Information:
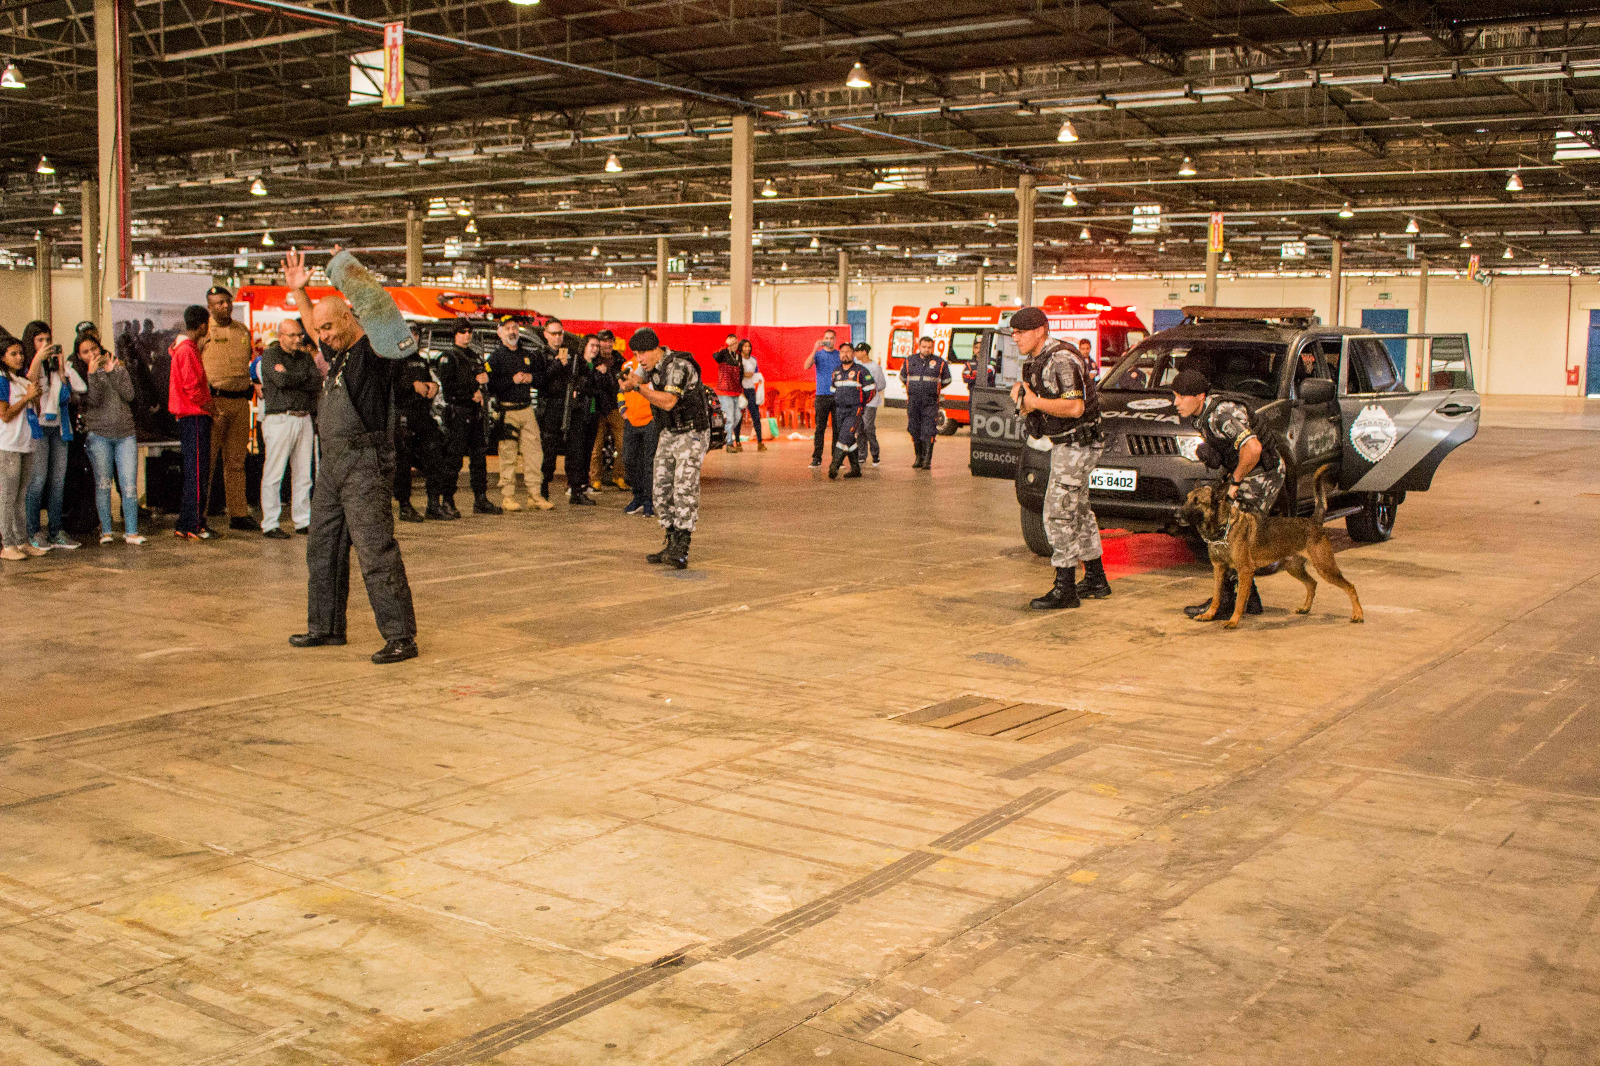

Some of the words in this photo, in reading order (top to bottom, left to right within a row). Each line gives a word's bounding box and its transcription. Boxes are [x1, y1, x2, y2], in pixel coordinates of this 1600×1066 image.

[386, 25, 403, 46] H
[933, 328, 951, 339] SAM
[1101, 411, 1180, 425] OLICIA
[1090, 474, 1134, 488] WS-8402
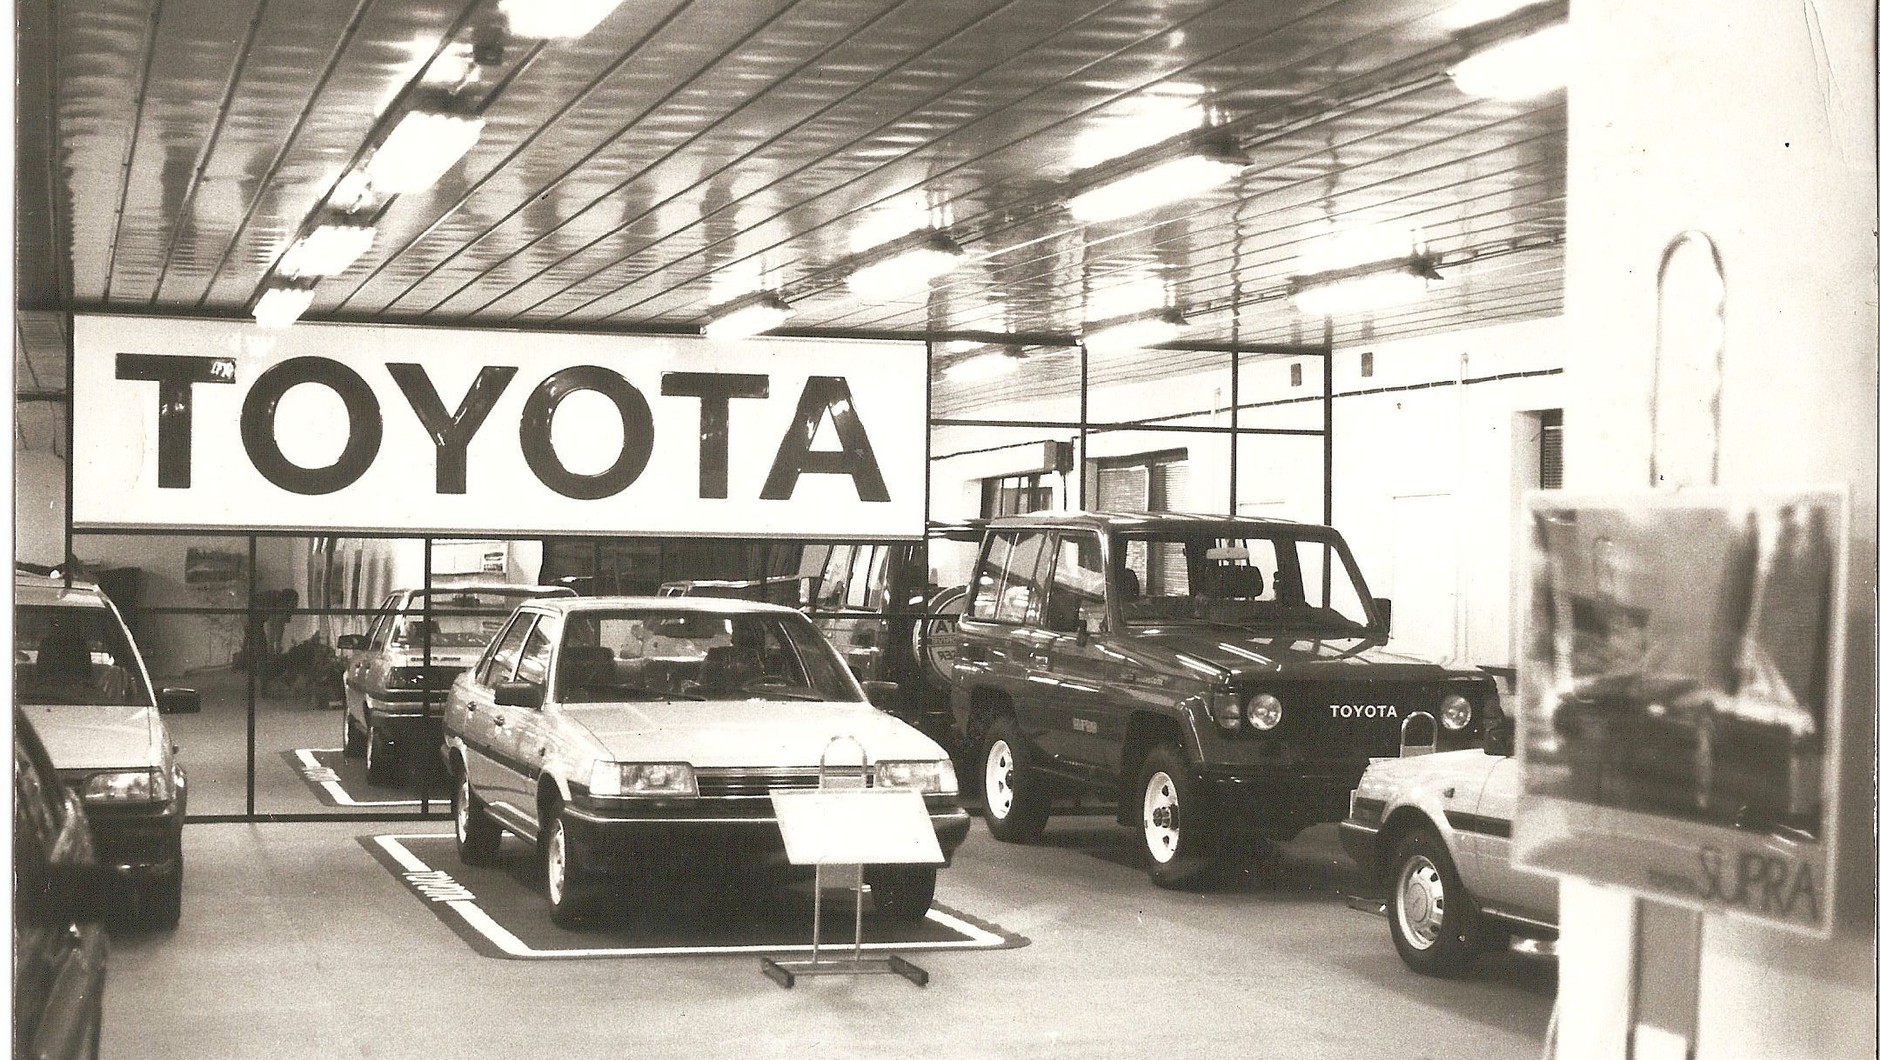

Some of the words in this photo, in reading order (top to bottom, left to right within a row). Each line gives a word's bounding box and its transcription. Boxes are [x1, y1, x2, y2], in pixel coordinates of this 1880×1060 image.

Aim of the exercise: Please provide a faithful transcription of all the data, pictures excluded.

Output for this task:
Some of the words in this photo, in reading order (top to bottom, left to right within a row). Each line gives a word's bounding box and its transcription. Boxes are [x1, y1, x2, y2], in pixel coordinates of this 1600×1066 image.

[386, 25, 403, 46] H
[933, 328, 951, 339] SAM
[1101, 411, 1180, 425] OLICIA
[1090, 474, 1134, 488] WS-8402

Some of the words in this photo, in reading order (top to bottom, left to right within a row). Each line gives a word's bounding box and its transcription. Boxes are [x1, y1, x2, y2], in pixel coordinates of this 1880×1060 image.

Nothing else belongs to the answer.